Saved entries
[Start of Attachment]

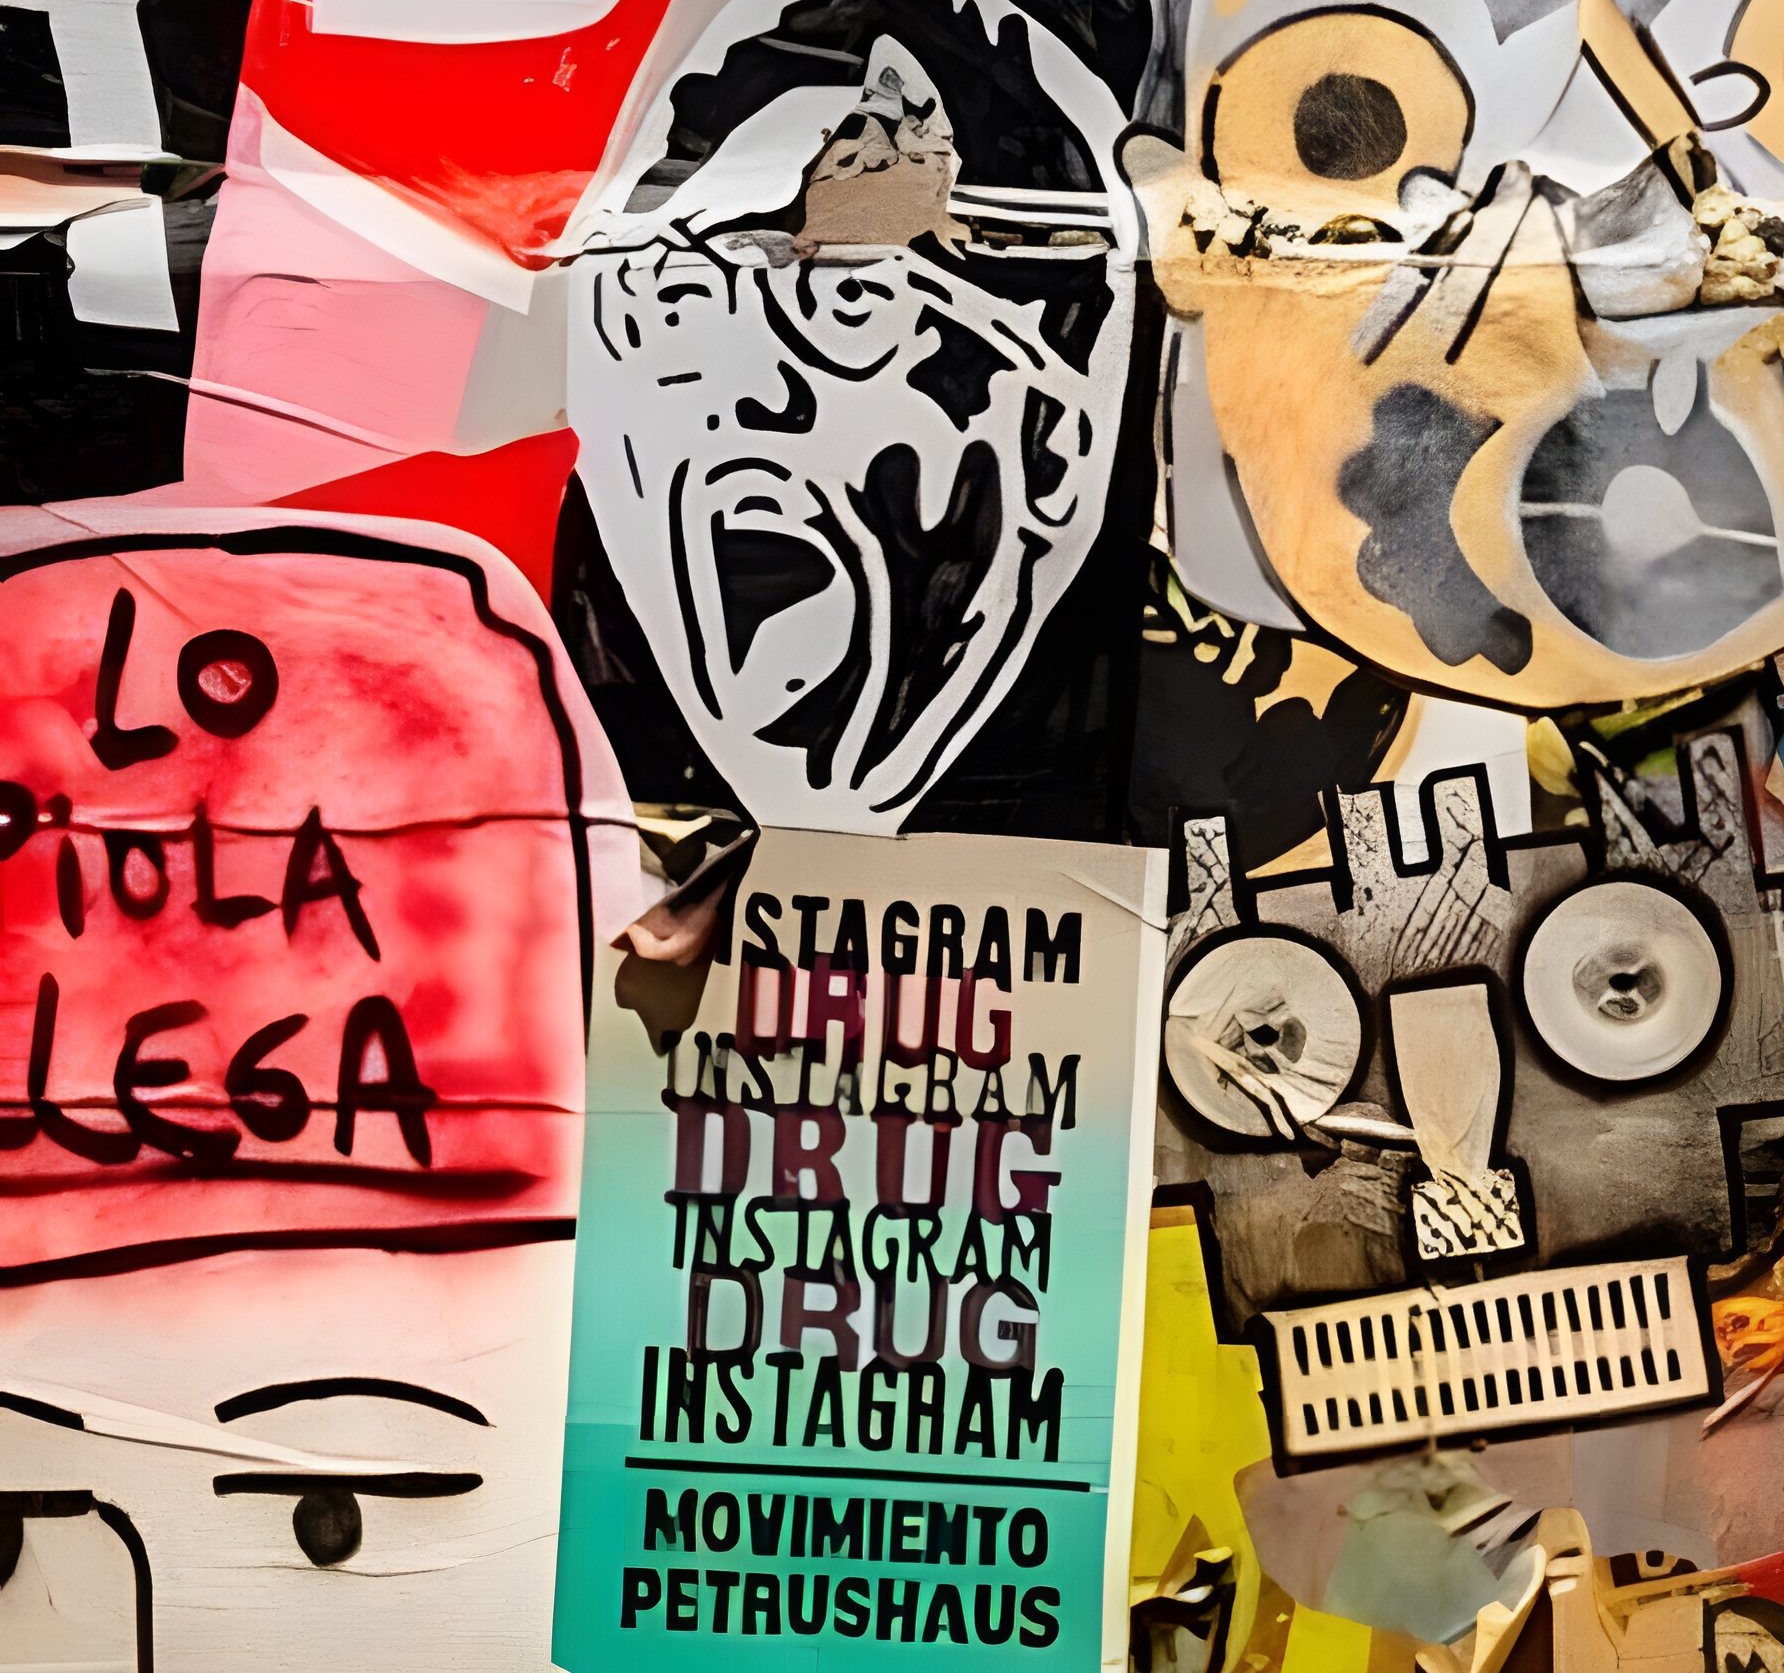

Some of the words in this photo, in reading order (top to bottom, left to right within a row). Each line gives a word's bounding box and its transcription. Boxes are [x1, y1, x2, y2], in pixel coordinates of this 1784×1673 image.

[91, 587, 279, 771] LO
[674, 1105, 1061, 1225] DRUG
[664, 1190, 1052, 1293] INSTAGRAM
[687, 1270, 1040, 1372] DRUG
[639, 1346, 1064, 1462] INSTAGRAM
[643, 1488, 1049, 1567] MOVIMIENTO
[620, 1567, 1061, 1648] PETRUSHAUS
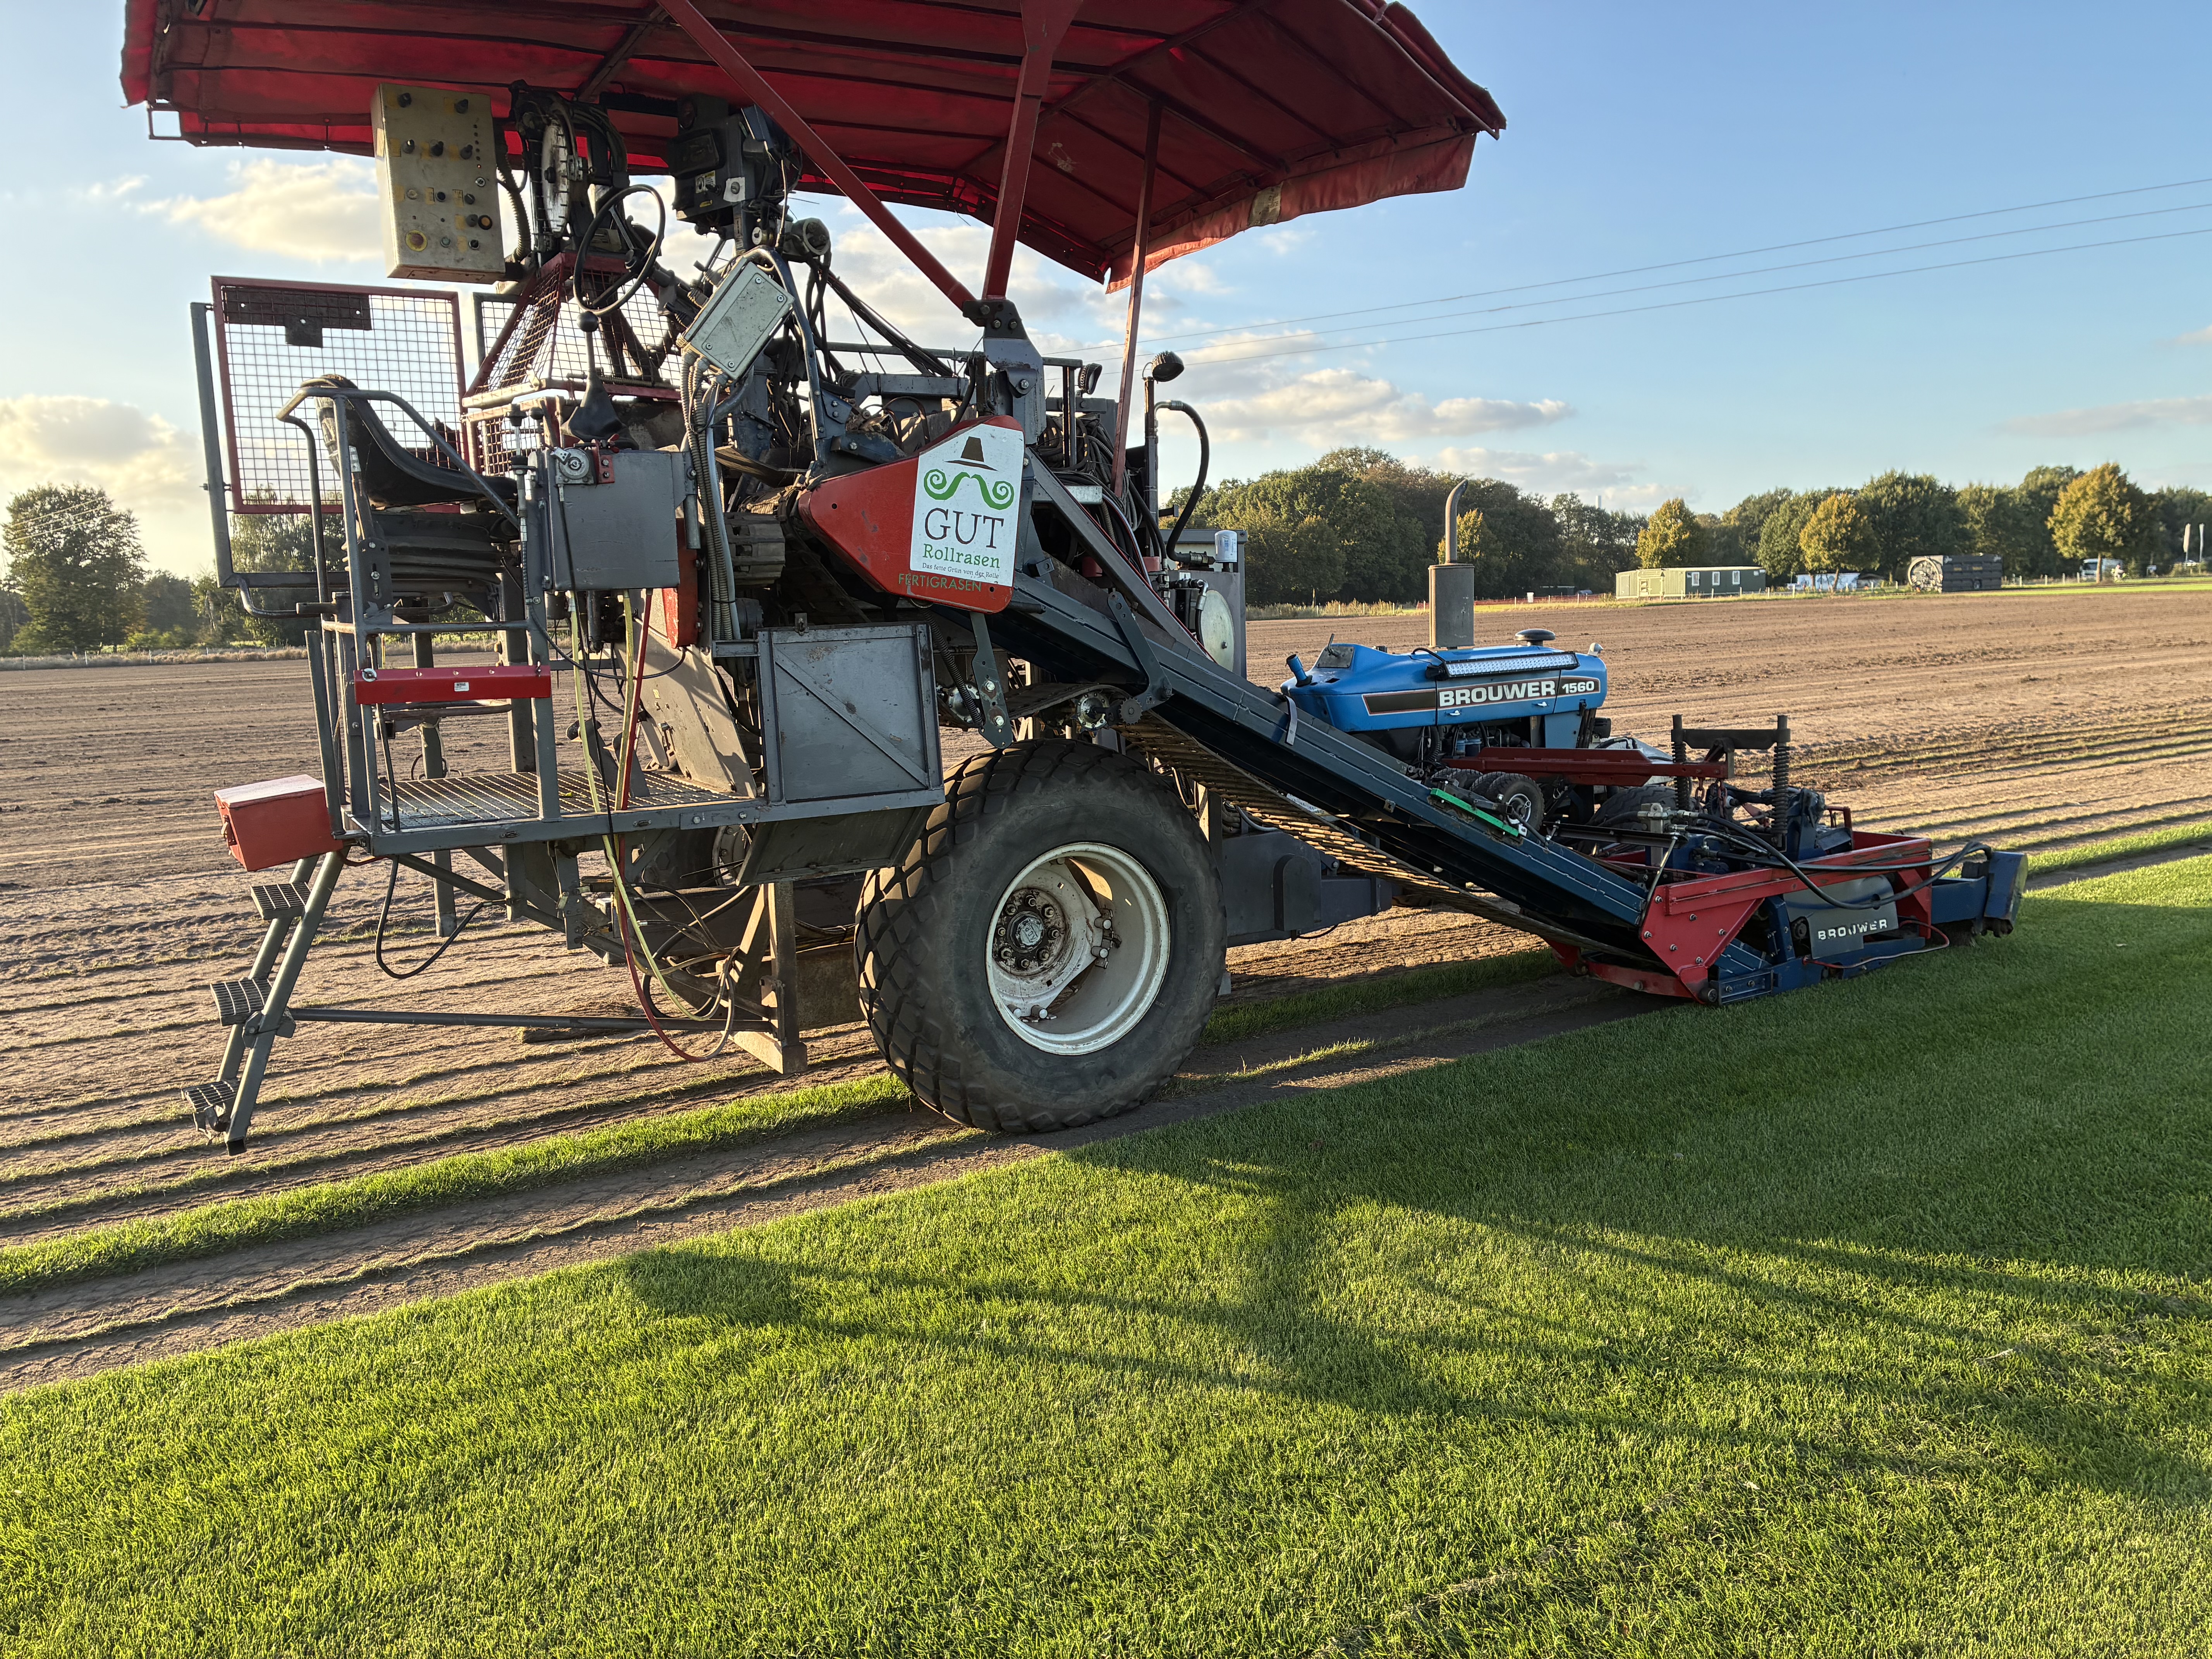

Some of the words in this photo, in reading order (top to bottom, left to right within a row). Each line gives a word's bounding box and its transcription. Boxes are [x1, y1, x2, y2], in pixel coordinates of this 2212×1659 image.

[924, 507, 1004, 549] GUT
[922, 543, 1000, 568] Rollrasen
[898, 573, 981, 592] FERTIGRASEN
[1439, 680, 1555, 707] BROUWER
[1561, 680, 1595, 694] 1560
[1818, 919, 1887, 940] BROUWER

[End of Attachment]

— EXERCISE DETAILS —
Write the entries out again word for word. Omit all pictures from them.

— RESULT OF THE EXERCISE —
Some of the words in this photo, in reading order (top to bottom, left to right within a row). Each line gives a word's bounding box and its transcription. Boxes are [x1, y1, x2, y2], in pixel coordinates of this 1784×1673 image.

[91, 587, 279, 771] LO
[674, 1105, 1061, 1225] DRUG
[664, 1190, 1052, 1293] INSTAGRAM
[687, 1270, 1040, 1372] DRUG
[639, 1346, 1064, 1462] INSTAGRAM
[643, 1488, 1049, 1567] MOVIMIENTO
[620, 1567, 1061, 1648] PETRUSHAUS

Some of the words in this photo, in reading order (top to bottom, left to right within a row). Each line gives a word's bounding box and its transcription. Boxes are [x1, y1, x2, y2], in pixel coordinates of this 2212×1659 image.

[924, 507, 1004, 549] GUT
[922, 543, 1000, 568] Rollrasen
[898, 573, 981, 592] FERTIGRASEN
[1439, 680, 1555, 707] BROUWER
[1561, 680, 1595, 694] 1560
[1818, 919, 1887, 940] BROUWER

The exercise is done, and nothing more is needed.